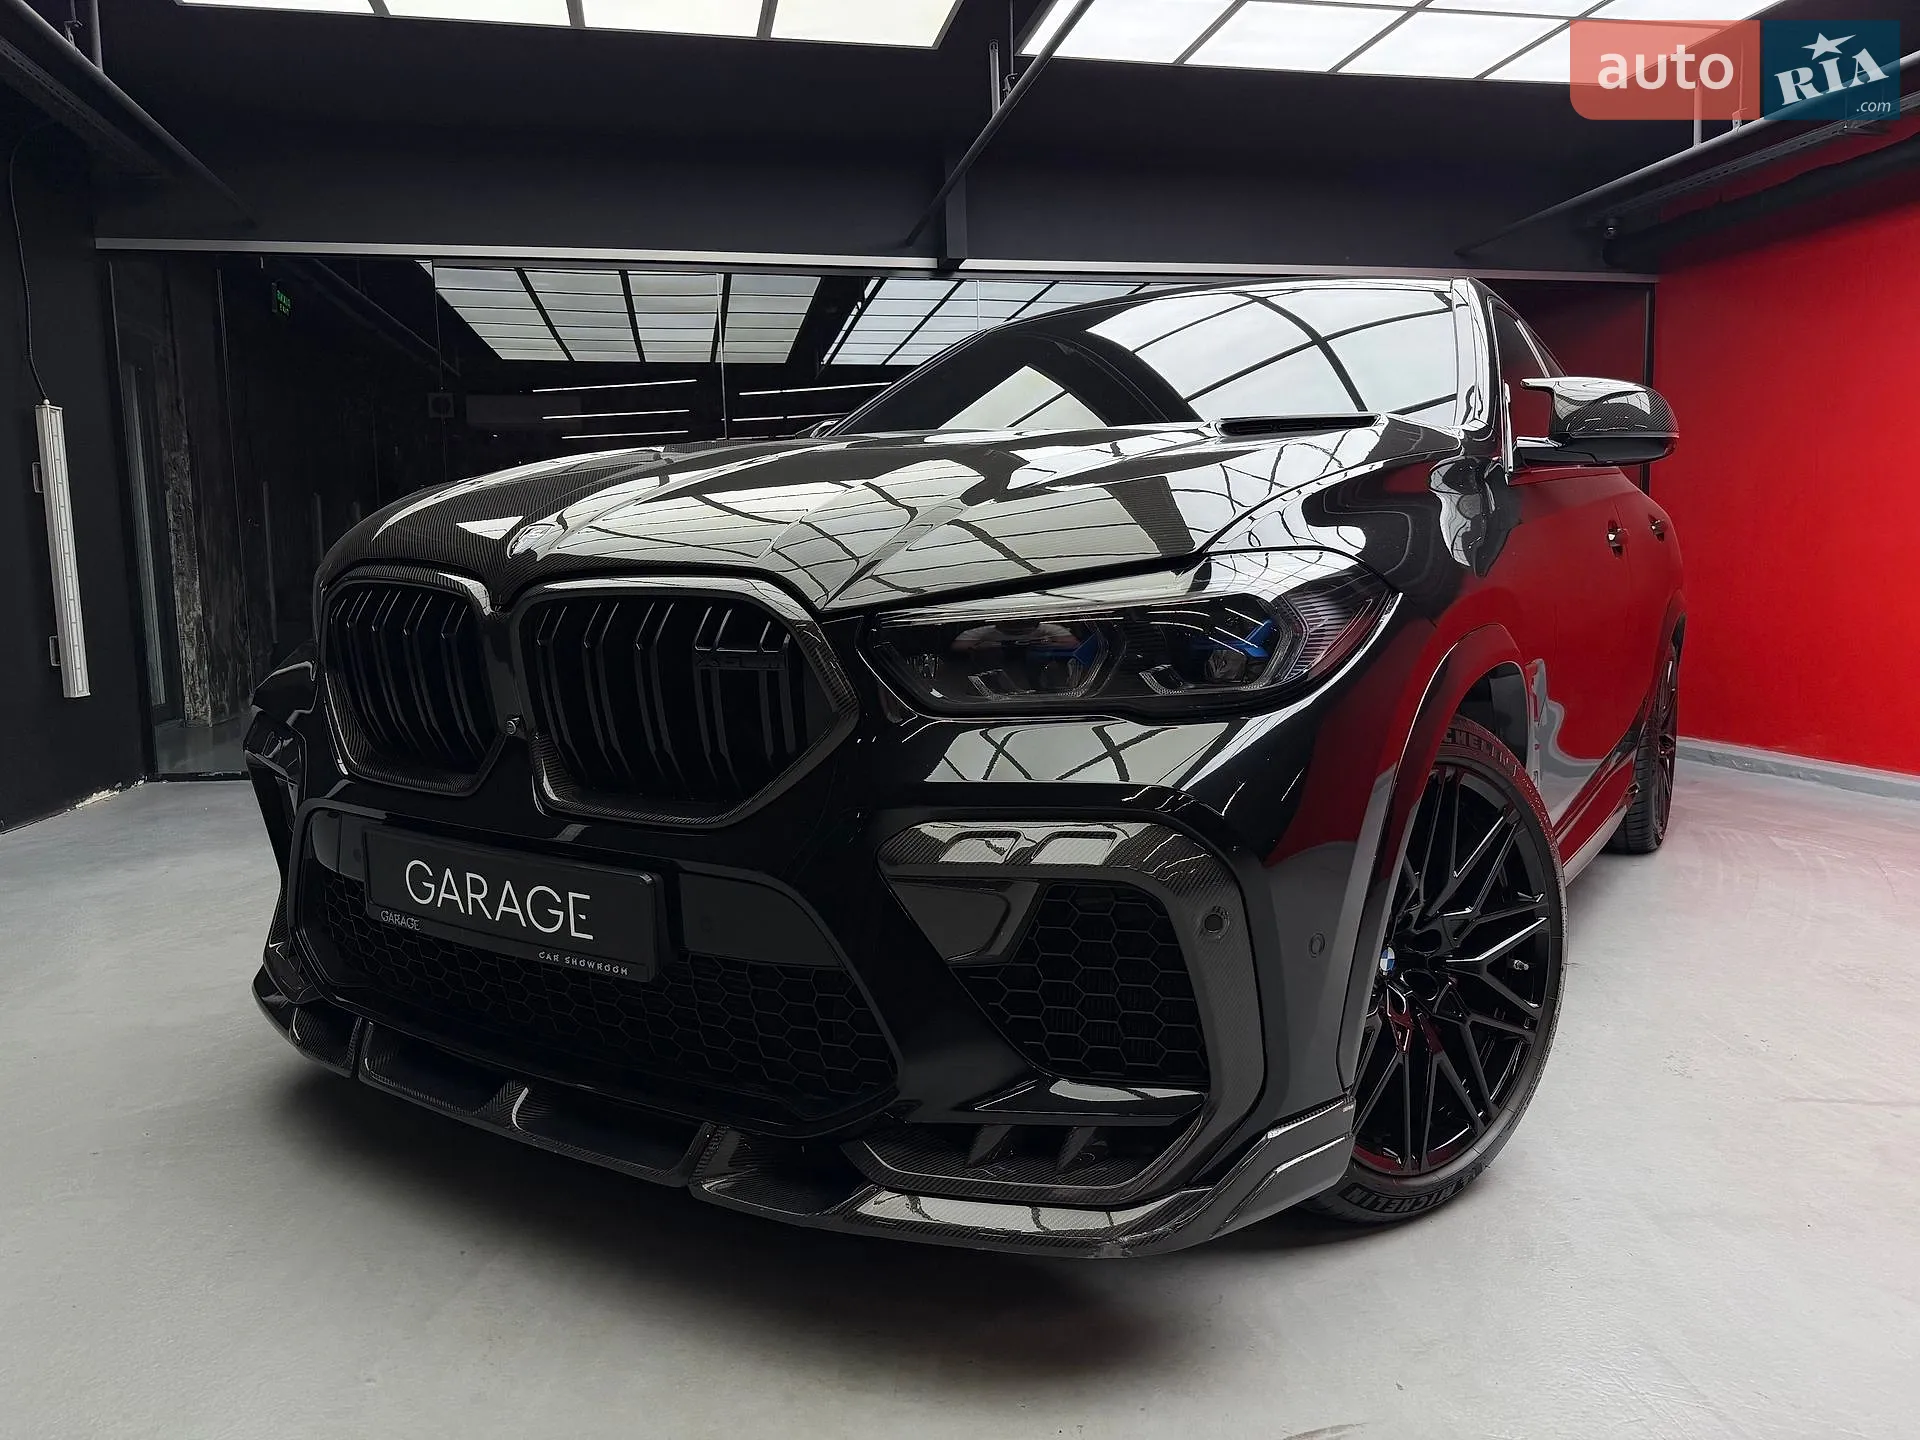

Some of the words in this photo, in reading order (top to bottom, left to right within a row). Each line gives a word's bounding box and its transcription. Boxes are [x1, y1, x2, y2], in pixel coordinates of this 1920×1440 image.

[405, 859, 594, 940] GARAGE
[380, 910, 421, 931] GARAGE
[538, 951, 560, 962] CAR
[564, 956, 629, 976] SHOWROOM
[1346, 1185, 1456, 1212] MICHELIN

◆ EXERCISE GOAL ◆
Without including any picture, print every record exactly as written above.

◆ RESPONSE ◆
Some of the words in this photo, in reading order (top to bottom, left to right within a row). Each line gives a word's bounding box and its transcription. Boxes are [x1, y1, x2, y2], in pixel coordinates of this 1920×1440 image.

[405, 859, 594, 940] GARAGE
[380, 910, 421, 931] GARAGE
[538, 951, 560, 962] CAR
[564, 956, 629, 976] SHOWROOM
[1346, 1185, 1456, 1212] MICHELIN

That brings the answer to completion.